## BRIEF:
Could you copy out all of the records below exactly, leaving out every picture?

Items from a dataset
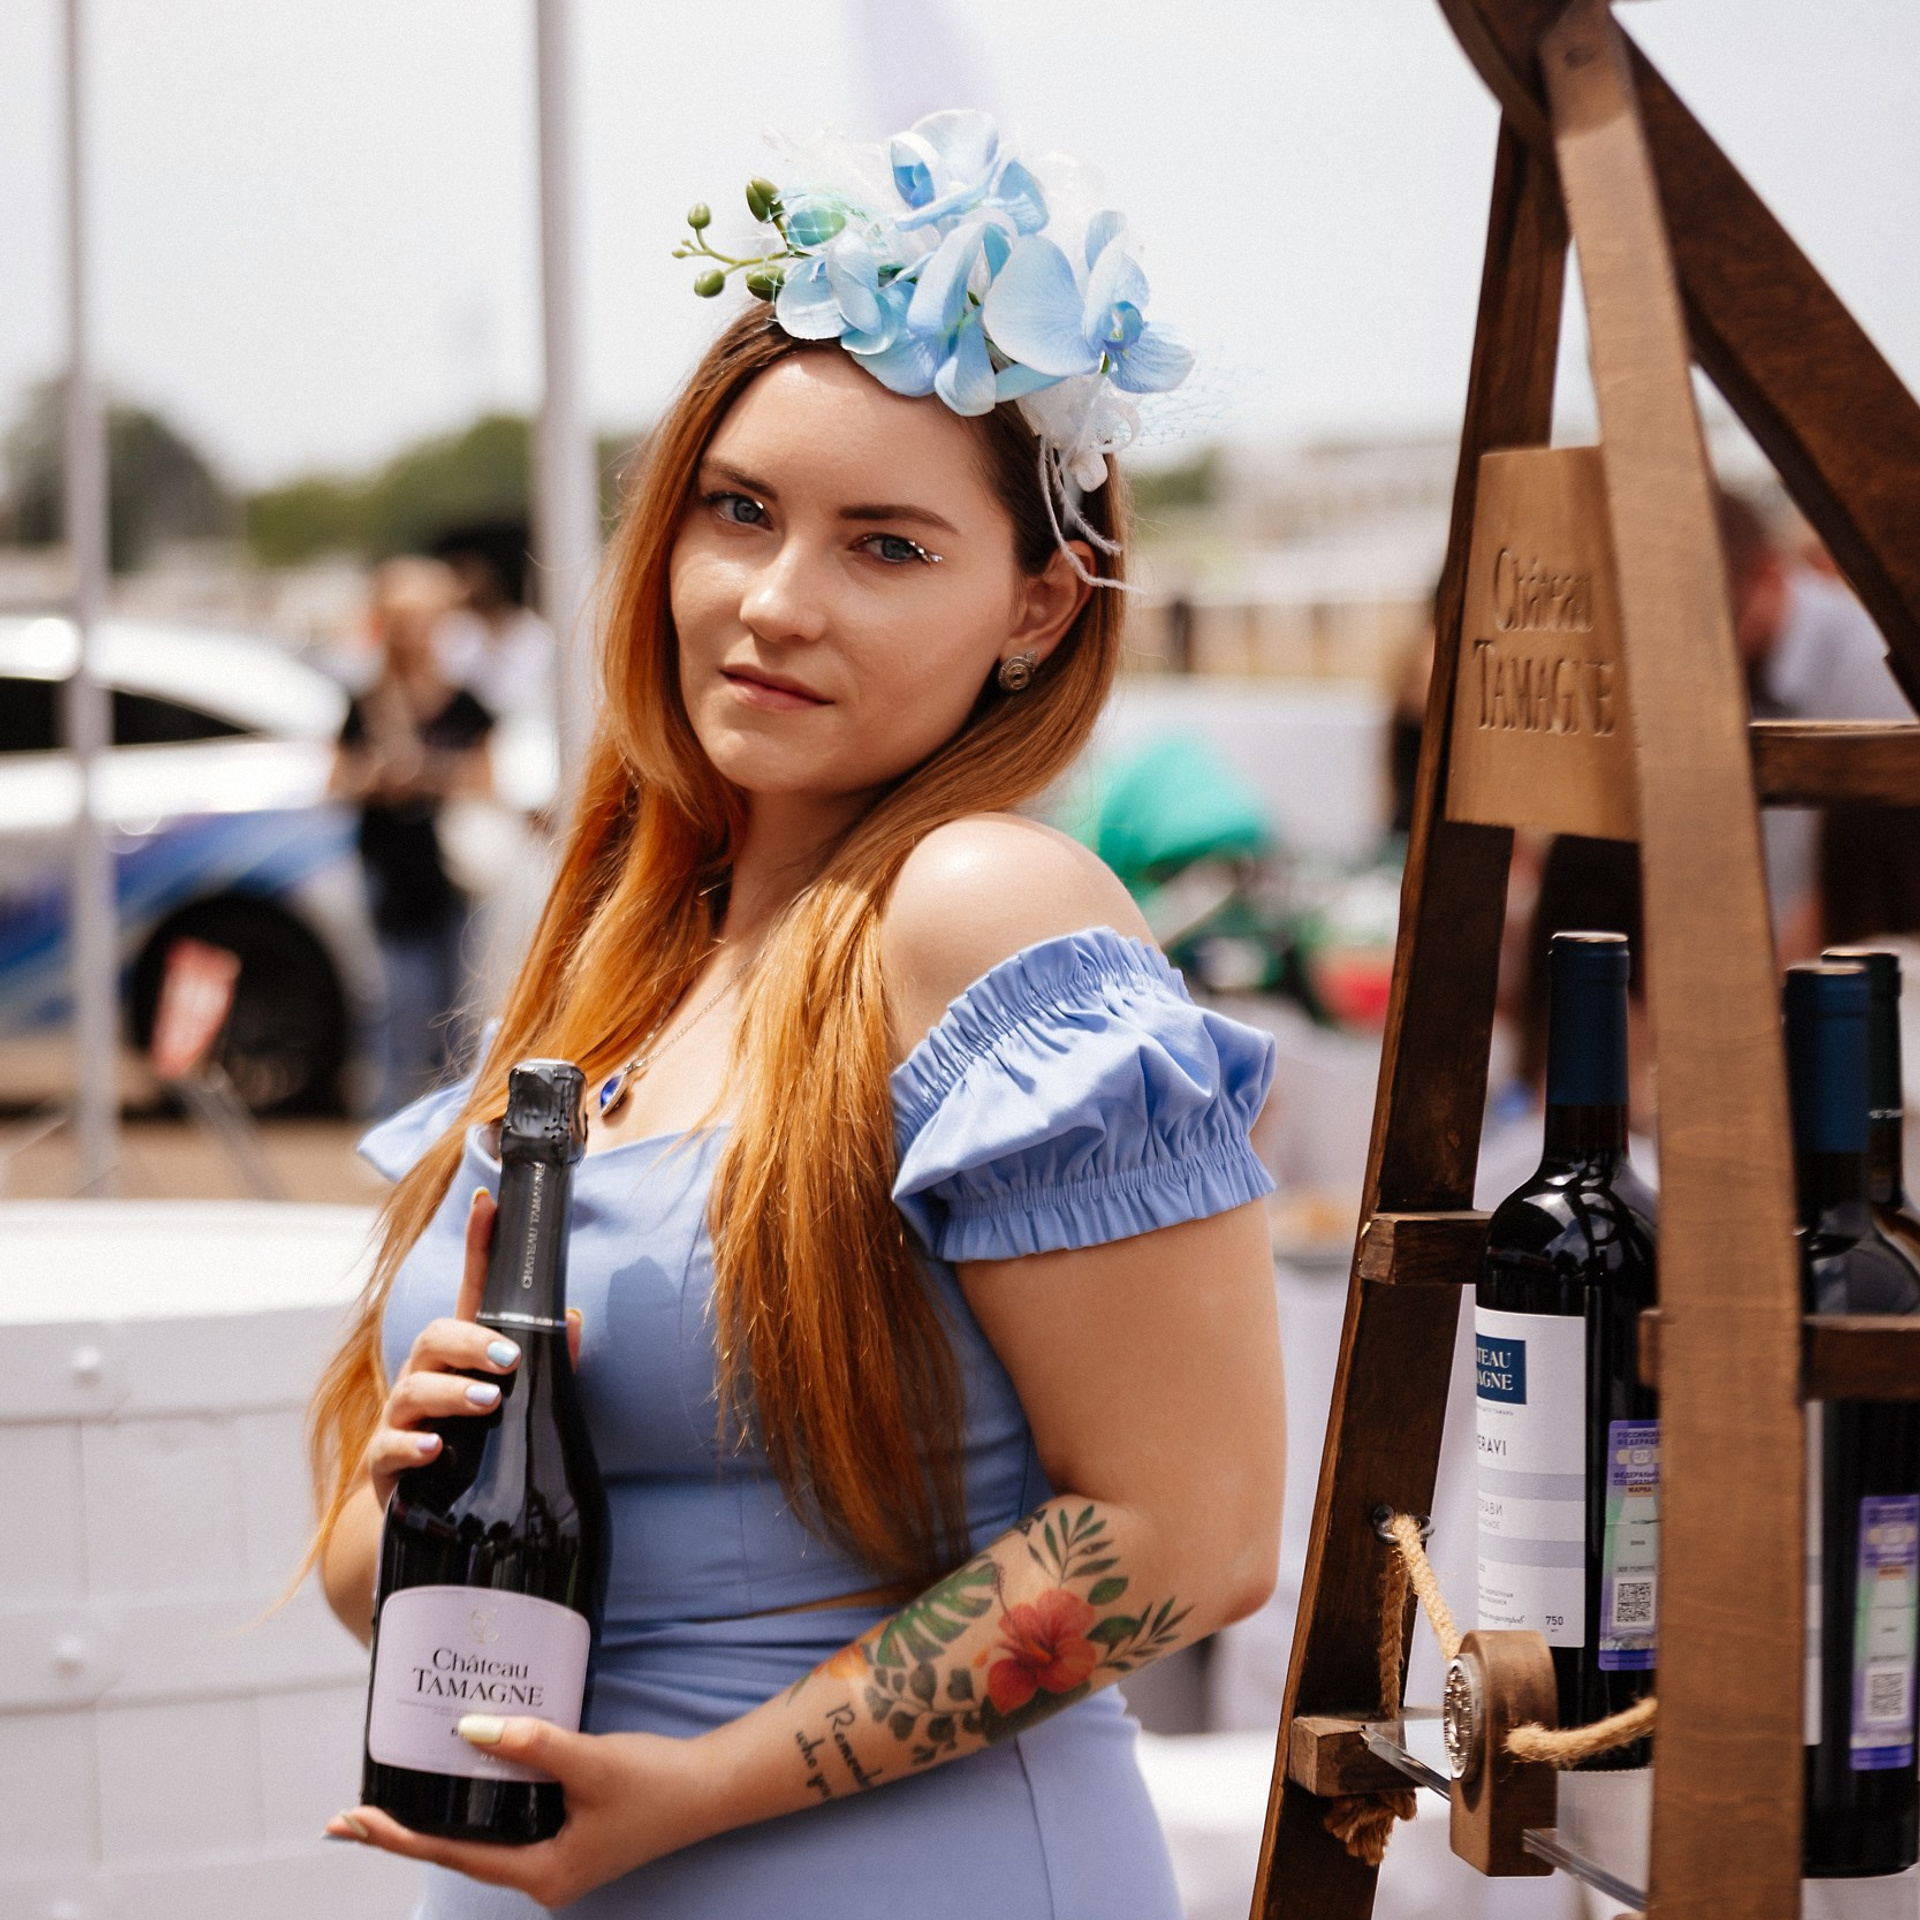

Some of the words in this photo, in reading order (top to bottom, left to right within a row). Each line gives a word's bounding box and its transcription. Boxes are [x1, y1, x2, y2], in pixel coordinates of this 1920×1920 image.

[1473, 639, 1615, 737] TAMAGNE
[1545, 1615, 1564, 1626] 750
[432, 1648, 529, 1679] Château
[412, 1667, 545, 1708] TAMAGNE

## TASK SOLUTION:
Some of the words in this photo, in reading order (top to bottom, left to right within a row). Each line gives a word's bounding box and its transcription. Boxes are [x1, y1, x2, y2], in pixel coordinates of this 1920×1920 image.

[1473, 639, 1615, 737] TAMAGNE
[1545, 1615, 1564, 1626] 750
[432, 1648, 529, 1679] Château
[412, 1667, 545, 1708] TAMAGNE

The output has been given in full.